The blade can be ovate, elliptic, oblong or oblique, the base is blunt or wedge-shaped and the edge smooth.

The yellowish midvein and lateral veins are raised on the lower surface.
There are 12 or more pairs of lateral veins with the basal pair the most prominent.
The ends of the laterals loop together just inside the blade margin.
There are no hairs on the leaf blades.

Inflorescences are paired axillary syconia formed from the swollen and inverted receptacle (top of the stalk).
Up to 10 or 12 mm wide and on a stalk or peduncle a few mms long they are the smallest of the strangler figs.
They can be spherical, a slightly flattened sphere or wedge-shaped.

At the top of the peduncle are 2 or 3 overlapping bracts that fall off.
The peduncle, basal bracts and the syconium may be smooth or have small pale and/or rust-coloured hairs.
The slightly raised apical opening or ostiole is surrounded by 3 small bracts.
The track from the ostiole through the fleshy syconium wall is lined by bracts.

The inner surface of the receptacle is covered by the small flowers separated by bracts.
Each syconium has male, female and gall flowers.
All flowers have 3 or 4 delicate almost transparent perianth segments.
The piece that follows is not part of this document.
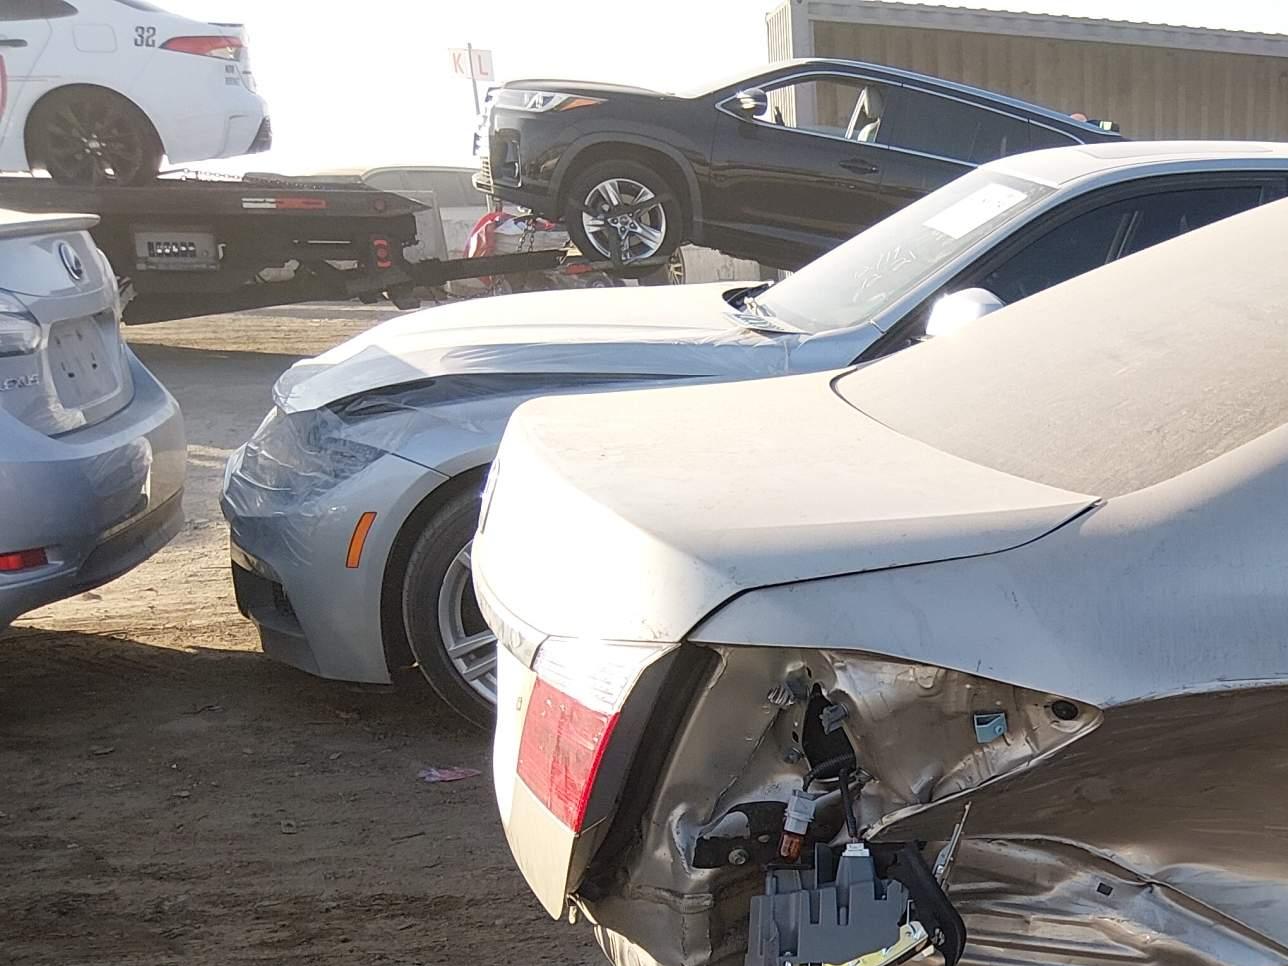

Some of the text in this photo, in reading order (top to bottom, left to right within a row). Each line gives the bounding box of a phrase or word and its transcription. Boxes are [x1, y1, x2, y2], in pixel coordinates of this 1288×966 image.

[133, 25, 157, 48] 32
[452, 52, 489, 76] K L
Male flowers are mostly found around the ostiole.
On a short stalk or pedicel they have 1 stamen with kidney-shaped anthers.
Fertile female flowers, with or without a short pedicel have an ovary with a single style and a cylindrical
    and often curved stigma with papillae.
The larger and taller sterile female or gall flowers, also with or without a pedicel are where the pollinating
    wasp lays her eggs.

The mature fruit are figs that ripen from green to yellow or orange with small dark red spots.
There may be fruit on the tree all year.
Some varieties are described with slightly different leaf shapes, larger fruit, longer pedicels and petioles.

J.F.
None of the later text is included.